Brian Daboll, Aaron Glenn and how young QBs can shape a coach's future, too

Giants head coach Brian Daboll, left, and Jets head coach Aaron Glenn. Credit: AP / Butch Dill ; Jim McIsaac
Getting to work with a young hotshot quarterback can feel like a blessing for an NFL head coach. It certainly feels that way when they are shown giving war room high-fives and making welcome-to-the-program phone calls each spring.
It also can be a curse.
The last four times a player at that position was selected first overall in the draft, the head coach who helped make that decision was dismissed during the player’s rookie season.

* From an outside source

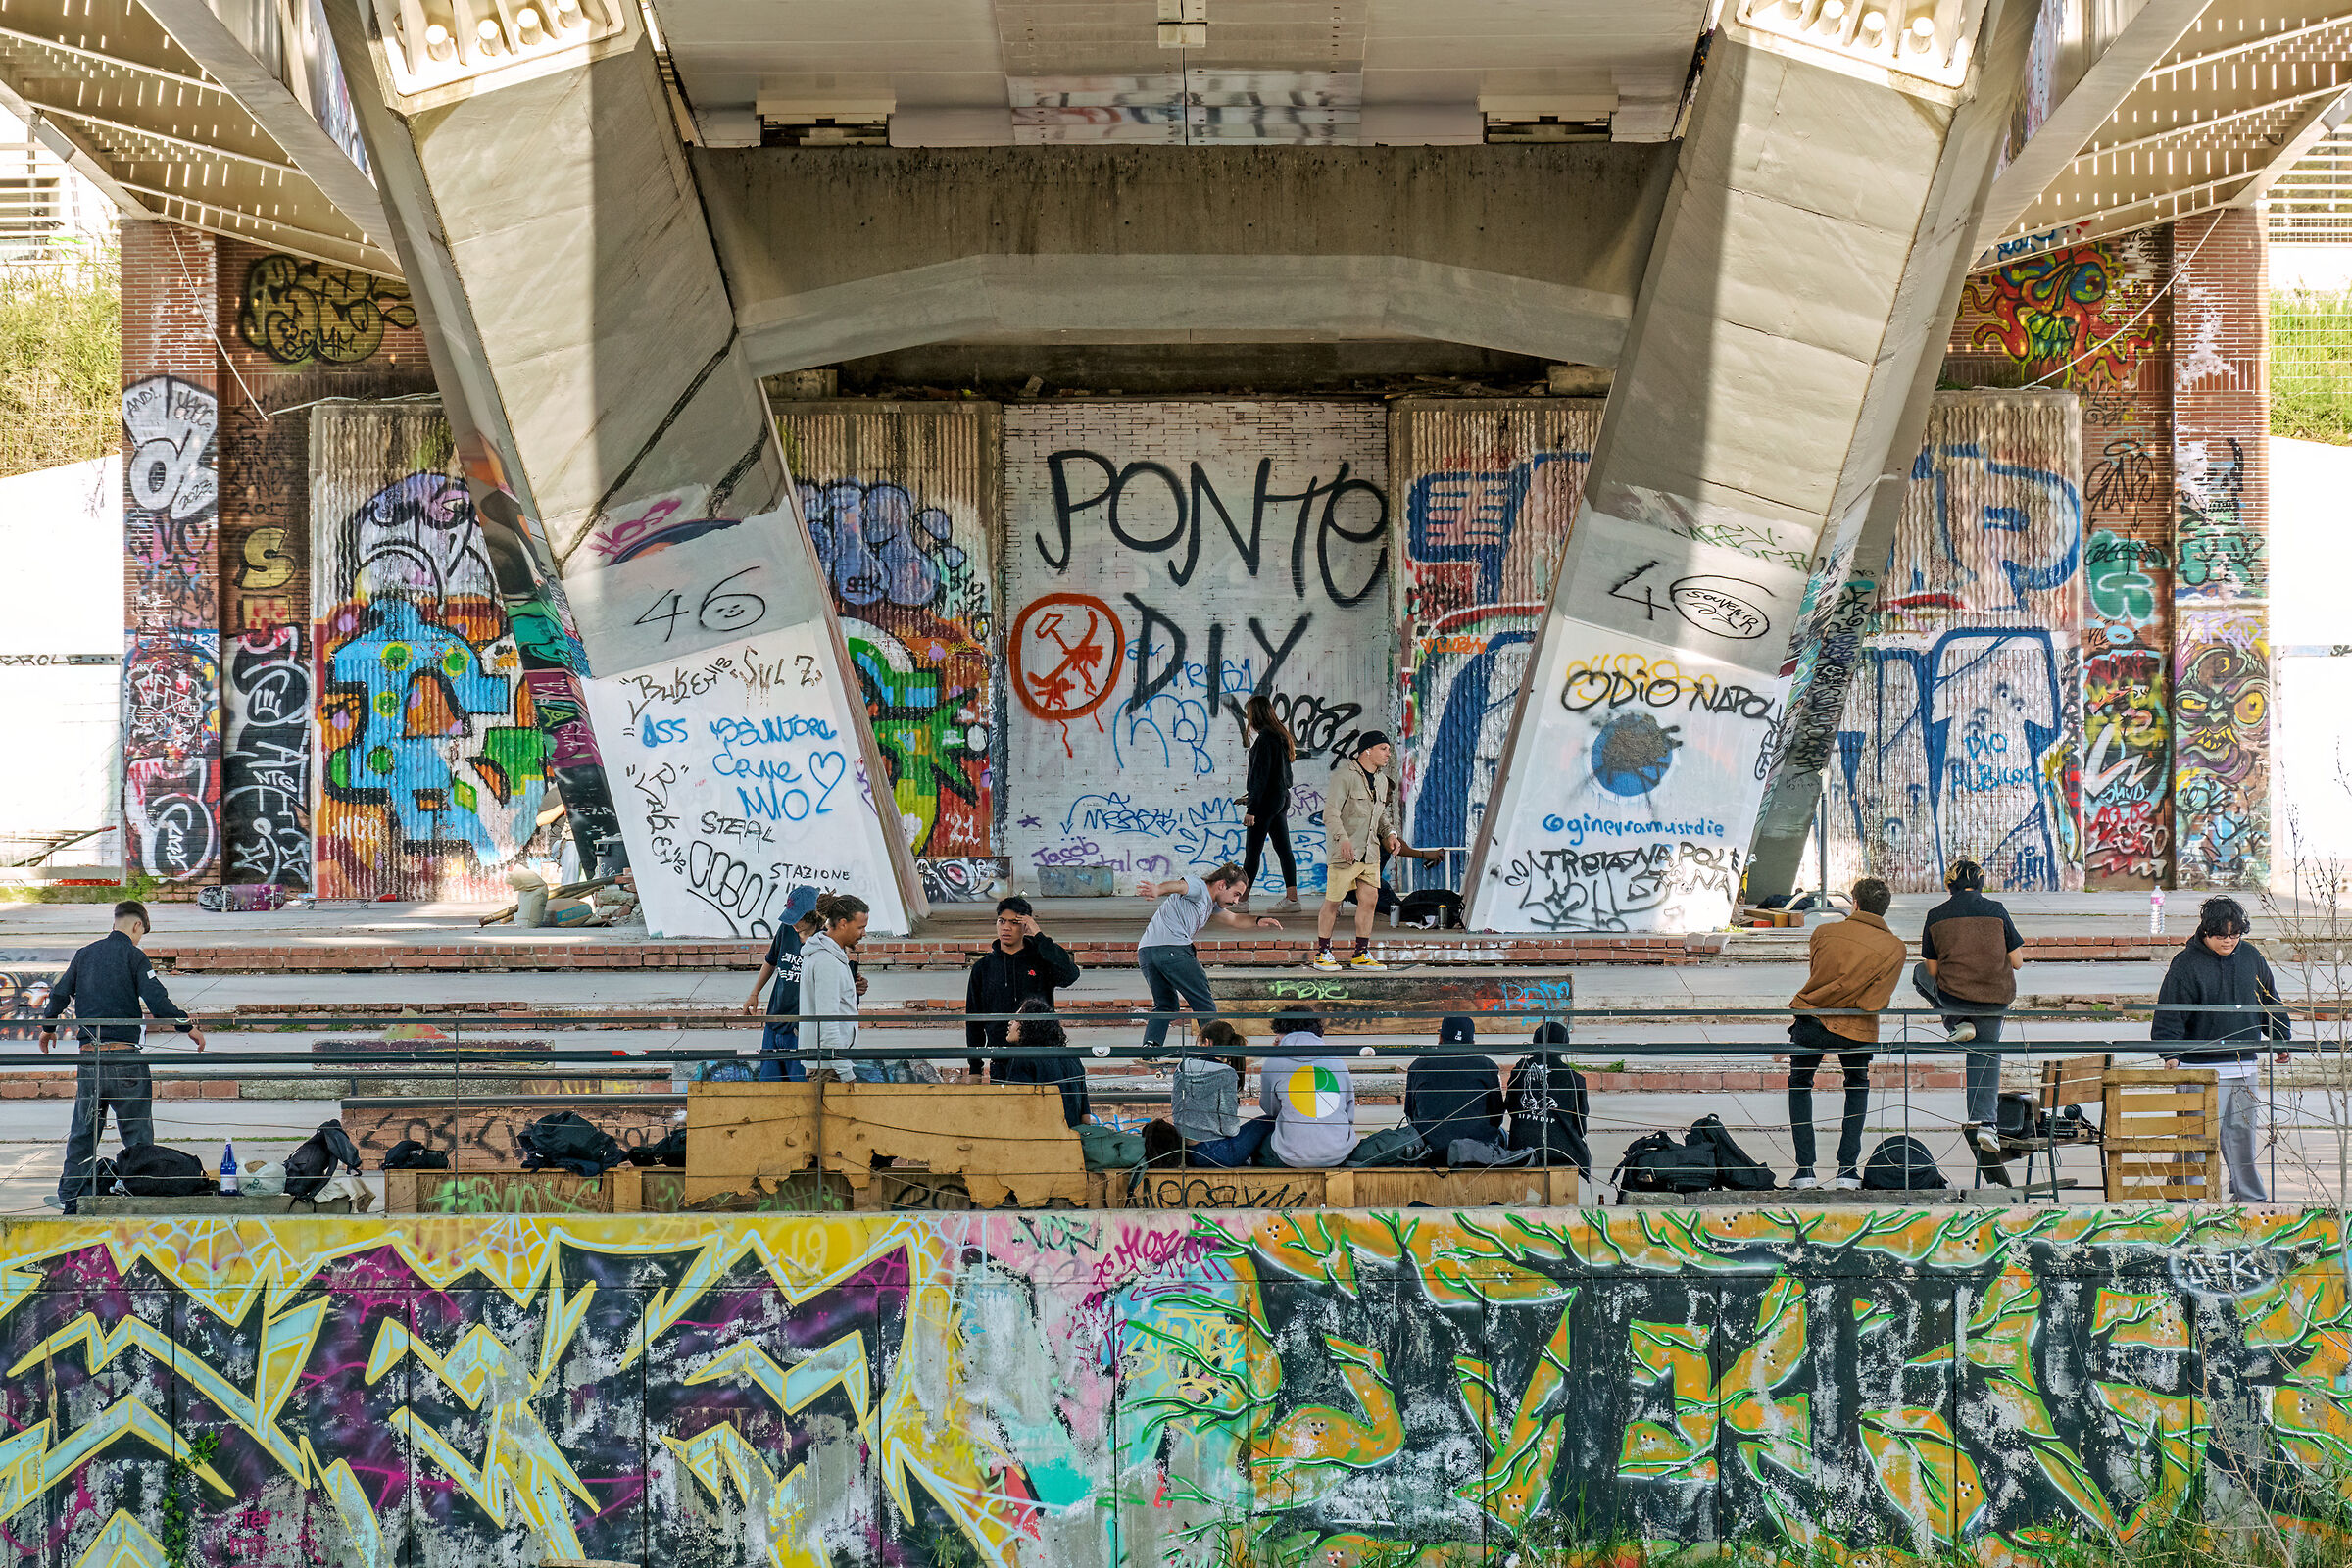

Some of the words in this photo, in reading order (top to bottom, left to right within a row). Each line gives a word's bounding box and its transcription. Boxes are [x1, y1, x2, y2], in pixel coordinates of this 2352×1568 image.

[1124, 592, 1314, 716] DIY
[700, 810, 777, 854] STEAL
[768, 862, 851, 881] STAZIONE

It happened in 2021 with Trevor Lawrence and Urban Meyer in Jacksonville, in 2023 with Bryce Young and Frank Reich in Carolina and in 2024 with Caleb Williams and Matt Eberflus in Chicago, and on Monday, it happened with Cam Ward and Brian Callahan in Tennessee.
Part of that is because of the prerequisite needed to have that first overall pick: A team must be really bad to begin with, and adding an unproven commodity rarely makes the kind of immediate impact required to keep everyone employed.

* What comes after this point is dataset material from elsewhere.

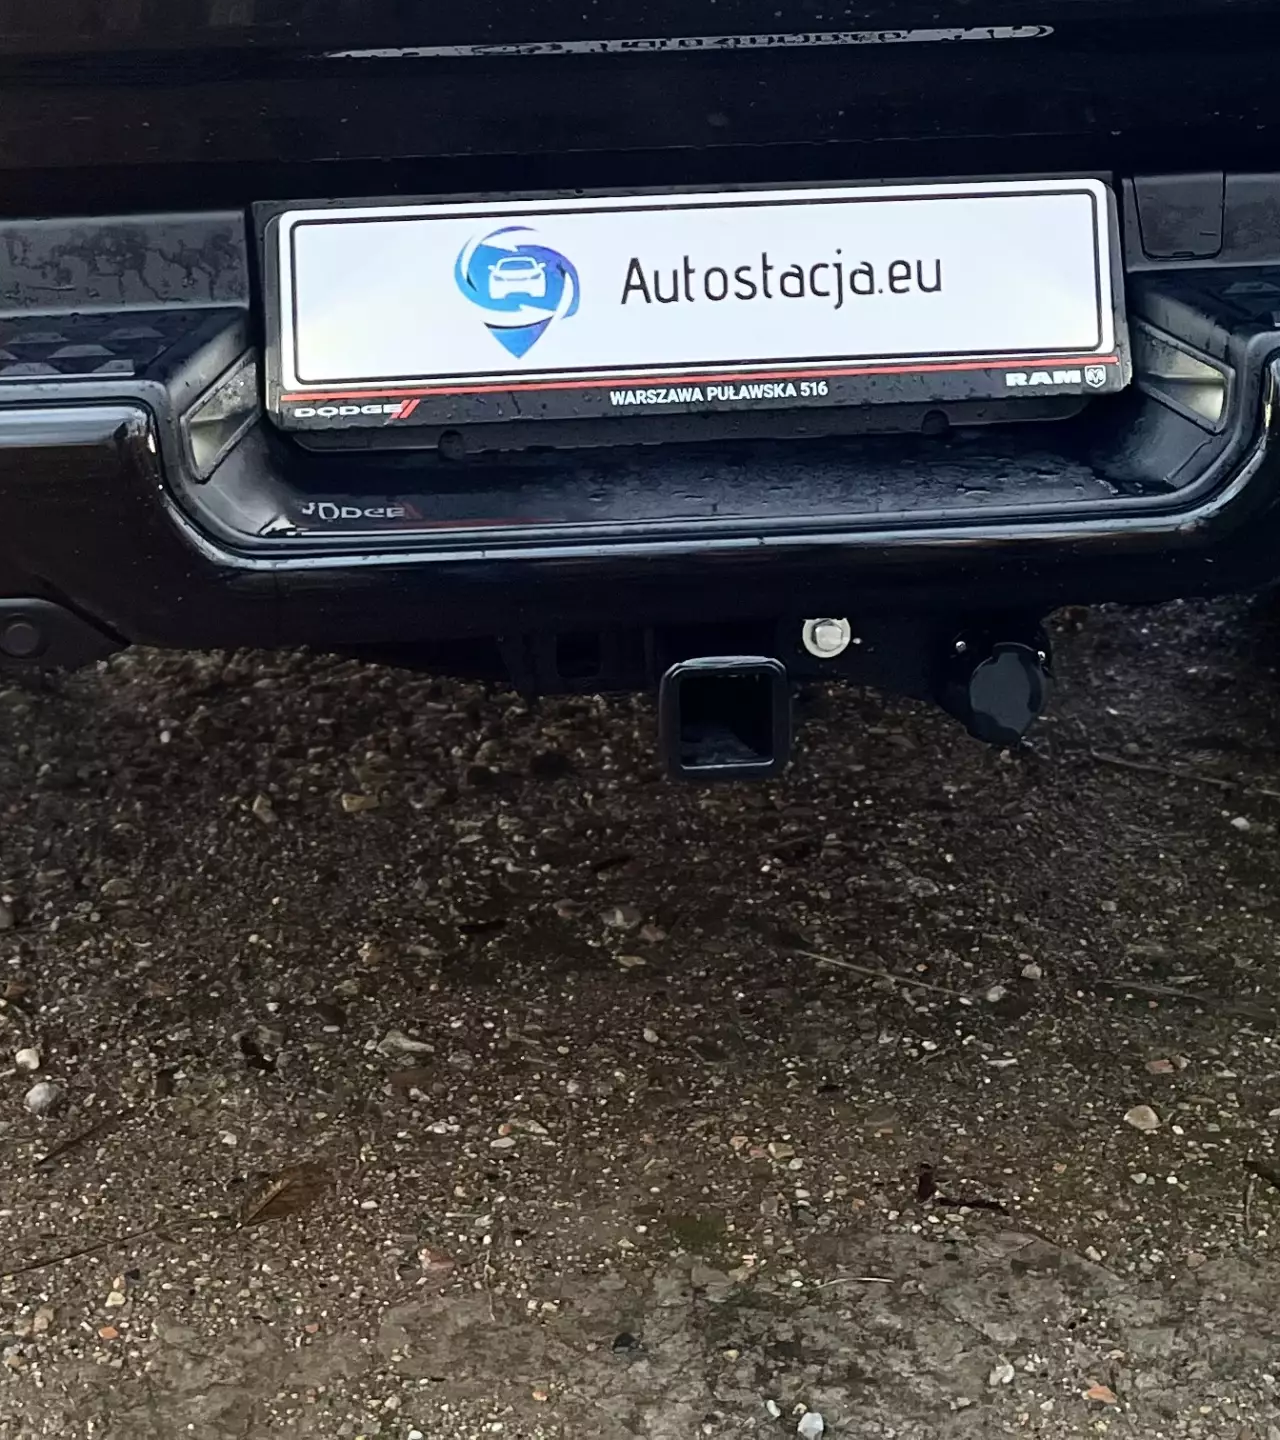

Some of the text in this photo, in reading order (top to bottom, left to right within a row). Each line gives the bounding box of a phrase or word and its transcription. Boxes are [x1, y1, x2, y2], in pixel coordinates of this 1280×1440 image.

But it’s not only the very-top-of-the-draft guys that doom coaches. Since 2016, there have been 39 quarterbacks selected in the first round. Seventeen of them — nearly half — have had their head coach fired before they got to their second seasons. Two of the three quarterbacks who came to New York as first-rounders between 2016 and 2024 had it happen to them (Sam Darnold and Daniel Jones did; Zach Wilson didn’t).
Such turnover can be a huge disruption to the player’s development and progress, not to mention confidence.

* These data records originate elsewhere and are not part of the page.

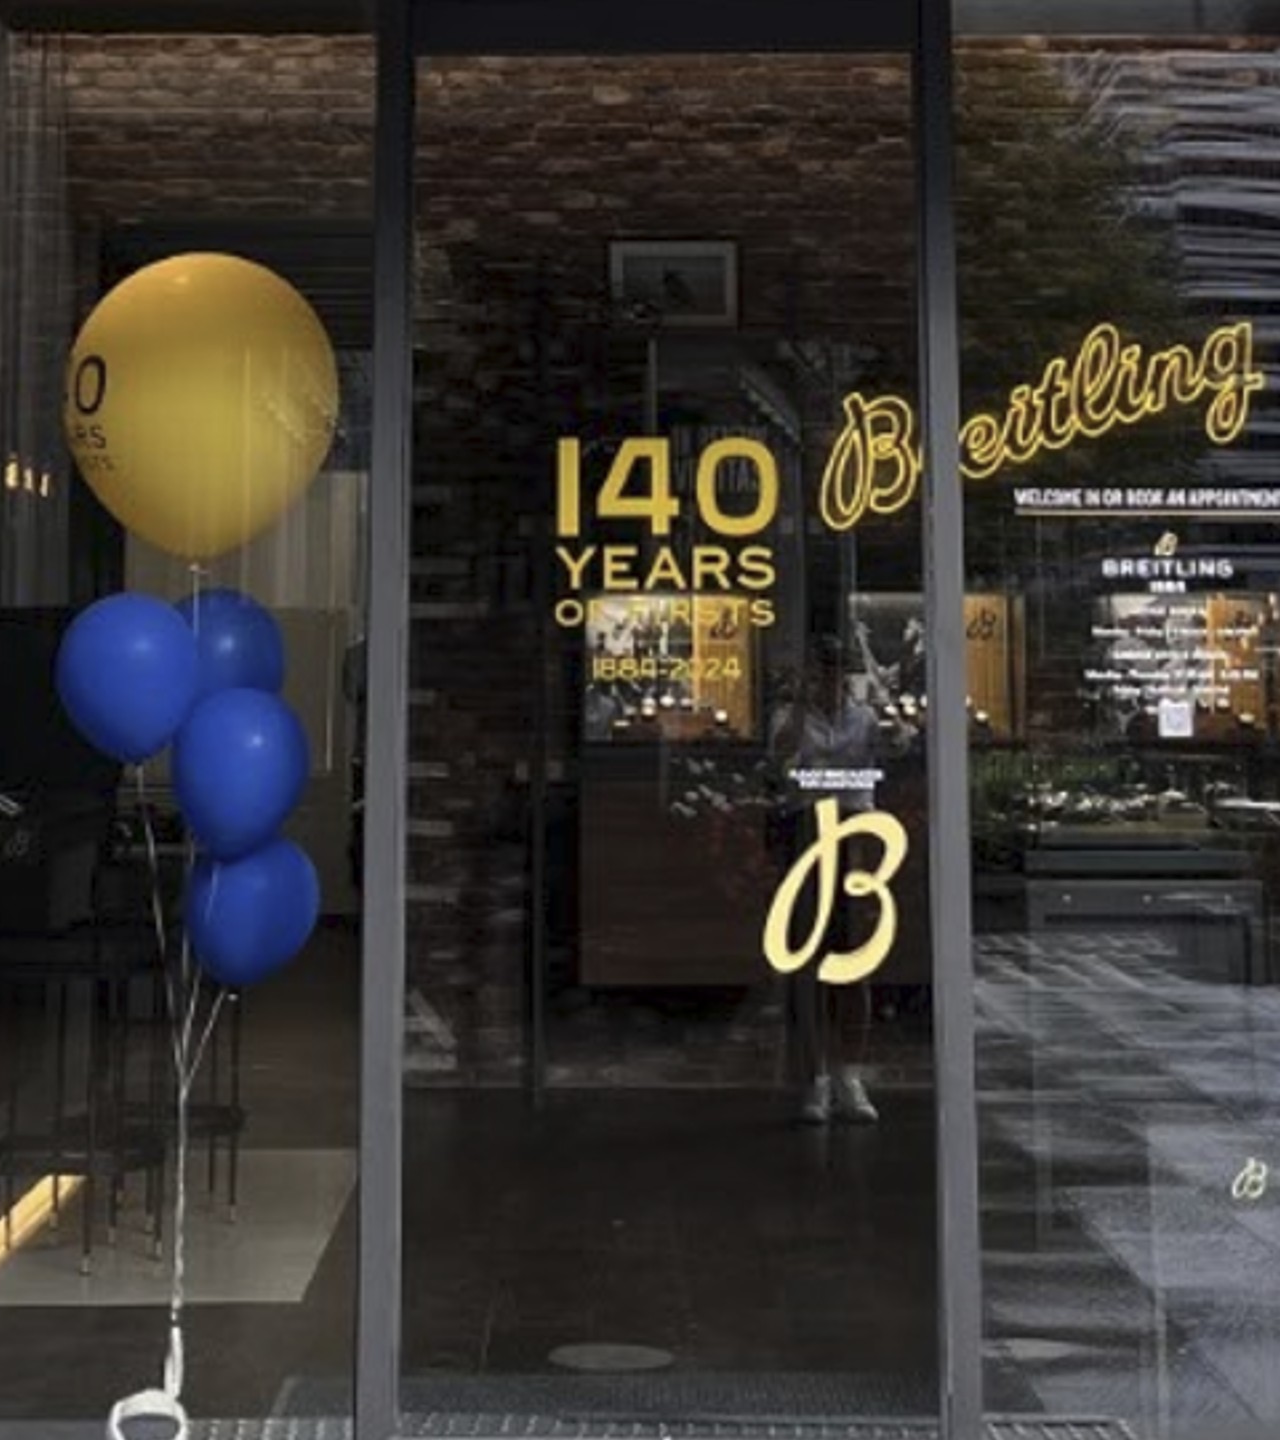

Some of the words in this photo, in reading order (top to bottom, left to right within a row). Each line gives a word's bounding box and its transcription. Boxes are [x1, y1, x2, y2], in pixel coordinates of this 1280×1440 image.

[820, 321, 1265, 531] Beitling
[557, 436, 779, 538] 140
[1014, 488, 1082, 507] WELCOME
[1084, 488, 1101, 507] IN
[1102, 488, 1122, 507] OR
[1126, 488, 1163, 507] BOOK
[1166, 488, 1186, 507] AN
[555, 545, 776, 590] YEARS
[1102, 559, 1234, 578] BREITLING
[555, 599, 604, 627] OF
[627, 599, 776, 627] FIRSTS
[593, 658, 742, 681] 1884-2024

So as Jaxson Dart begins to settle into his rookie season with the Giants and the Jets undoubtedly begin the process of finding a new quarterback in the upcoming draft, both organizations must make an honest assessment of their head-coaching positions.
The Giants should keep Brian Daboll. He seems to have a genuine chemistry with Dart — even if that occasionally leads him astray of the league’s concussion protocol — and they have brought out the best in each other.
The Jets need to make sure Aaron Glenn is their guy before they go and select another quarterback in April. If there is any doubt in their mind about Glenn — and at 0-6, that might be starting to creep in — they should switch him out before giving him a say in what is sure to be a very high pick.
It’s common to bemoan the lack of patience that teams show young players at that critical position. Just look around the league at late-blooming quarterbacks who are succeeding after having been given up on elsewhere: Sam Darnold, Geno Smith and Mac Jones have become solid starters and the MVP race could come down to Jones and Baker Mayfield.
Just as important as picking the right player and having him be a personality fit with the head coach, though, is having them be on something close to the same schedule together. With many of the success stories around the league in recent years — starting with Patrick Mahomes and Andy Reid in Kansas City right up to Jayden Daniels and Dan Quinn in Washington — getting those two critical timelines in sync is just as important as who the teams choose for the jobs.
The Giants did that in 2004 when they hired Tom Coughlin and landed Eli Manning within months of each other, and it paid off. They did not do that in 2019 when they fired Pat Shurmur after Daniel Jones’ rookie season, then doubled up on the disturbance by giving Jones two regressive years under Joe Judge.
“We’ve done everything possible to screw this kid up,” president and CEO John Mara said of Jones after firing Judge in 2022.
If he wants to avoid saying similar things about Dart, then he needs to stick with Daboll and see what the two of them can build together. Give Dart the consistency that helps young quarterbacks thrive.
If Mara was weary of Daboll, the time to get rid of him was last year, not this one, no matter where things go from here.
Mara likely knew that to be the case, even when he expressed his growing lack of patience at the end of last season. Bringing Daboll back for 2025 and then letting him have such a powerful voice in selecting Dart wasn’t exactly a contract extension, but it certainly was a signal that Daboll would be staying around to at least see the formative part of Dart’s career take off. Now that we are into that era, and even if the bumps that usually accompany a rookie quarterback show up, it would be a mistake to hand Daboll’s quarterback over to another head coach.
Picking a quarterback in the first round is unlike any other position. It brings joy to a franchise but also puts everyone on notice. Those who succeed at it have an organizational plan that reaches beyond the first few months of the undertaking.
Having a conviction on the player is only part of that process. Having a conviction on the coach is the often-overlooked piece. The Giants and Jets should understand that as they navigate their immediate futures.